→ DATA SECTION
□ □ □

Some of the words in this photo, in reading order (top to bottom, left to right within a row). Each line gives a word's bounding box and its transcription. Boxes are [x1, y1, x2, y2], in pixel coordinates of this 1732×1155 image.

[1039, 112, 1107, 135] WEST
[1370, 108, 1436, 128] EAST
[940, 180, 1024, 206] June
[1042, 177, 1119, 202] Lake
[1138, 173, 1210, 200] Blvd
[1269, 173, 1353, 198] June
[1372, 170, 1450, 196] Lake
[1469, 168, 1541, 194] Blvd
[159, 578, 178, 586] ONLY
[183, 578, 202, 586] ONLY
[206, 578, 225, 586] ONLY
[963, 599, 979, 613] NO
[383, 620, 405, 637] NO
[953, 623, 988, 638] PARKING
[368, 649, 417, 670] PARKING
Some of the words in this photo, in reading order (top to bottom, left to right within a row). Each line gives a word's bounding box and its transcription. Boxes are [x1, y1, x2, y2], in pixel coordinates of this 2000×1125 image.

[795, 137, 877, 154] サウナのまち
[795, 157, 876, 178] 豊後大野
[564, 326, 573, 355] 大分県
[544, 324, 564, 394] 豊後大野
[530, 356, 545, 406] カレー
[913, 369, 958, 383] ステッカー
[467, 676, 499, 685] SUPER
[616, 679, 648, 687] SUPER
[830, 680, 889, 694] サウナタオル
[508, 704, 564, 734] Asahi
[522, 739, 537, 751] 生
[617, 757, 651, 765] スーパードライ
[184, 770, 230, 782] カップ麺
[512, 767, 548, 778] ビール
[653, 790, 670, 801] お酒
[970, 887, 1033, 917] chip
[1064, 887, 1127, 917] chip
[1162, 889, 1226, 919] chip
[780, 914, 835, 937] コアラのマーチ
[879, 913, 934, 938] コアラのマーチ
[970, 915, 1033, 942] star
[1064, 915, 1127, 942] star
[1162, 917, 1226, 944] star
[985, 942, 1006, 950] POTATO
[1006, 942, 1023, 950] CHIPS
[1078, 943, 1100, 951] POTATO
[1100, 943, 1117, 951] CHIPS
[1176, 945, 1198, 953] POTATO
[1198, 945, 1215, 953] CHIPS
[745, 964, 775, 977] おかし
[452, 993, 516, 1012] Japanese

□ □ □

→ EXERCISE
Every record in the listing above should be reproduced exactly.

→ ANSWER BOX
Some of the words in this photo, in reading order (top to bottom, left to right within a row). Each line gives a word's bounding box and its transcription. Boxes are [x1, y1, x2, y2], in pixel coordinates of this 1732×1155 image.

[1039, 112, 1107, 135] WEST
[1370, 108, 1436, 128] EAST
[940, 180, 1024, 206] June
[1042, 177, 1119, 202] Lake
[1138, 173, 1210, 200] Blvd
[1269, 173, 1353, 198] June
[1372, 170, 1450, 196] Lake
[1469, 168, 1541, 194] Blvd
[159, 578, 178, 586] ONLY
[183, 578, 202, 586] ONLY
[206, 578, 225, 586] ONLY
[963, 599, 979, 613] NO
[383, 620, 405, 637] NO
[953, 623, 988, 638] PARKING
[368, 649, 417, 670] PARKING
Some of the words in this photo, in reading order (top to bottom, left to right within a row). Each line gives a word's bounding box and its transcription. Boxes are [x1, y1, x2, y2], in pixel coordinates of this 2000×1125 image.

[795, 137, 877, 154] サウナのまち
[795, 157, 876, 178] 豊後大野
[564, 326, 573, 355] 大分県
[544, 324, 564, 394] 豊後大野
[530, 356, 545, 406] カレー
[913, 369, 958, 383] ステッカー
[467, 676, 499, 685] SUPER
[616, 679, 648, 687] SUPER
[830, 680, 889, 694] サウナタオル
[508, 704, 564, 734] Asahi
[522, 739, 537, 751] 生
[617, 757, 651, 765] スーパードライ
[184, 770, 230, 782] カップ麺
[512, 767, 548, 778] ビール
[653, 790, 670, 801] お酒
[970, 887, 1033, 917] chip
[1064, 887, 1127, 917] chip
[1162, 889, 1226, 919] chip
[780, 914, 835, 937] コアラのマーチ
[879, 913, 934, 938] コアラのマーチ
[970, 915, 1033, 942] star
[1064, 915, 1127, 942] star
[1162, 917, 1226, 944] star
[985, 942, 1006, 950] POTATO
[1006, 942, 1023, 950] CHIPS
[1078, 943, 1100, 951] POTATO
[1100, 943, 1117, 951] CHIPS
[1176, 945, 1198, 953] POTATO
[1198, 945, 1215, 953] CHIPS
[745, 964, 775, 977] おかし
[452, 993, 516, 1012] Japanese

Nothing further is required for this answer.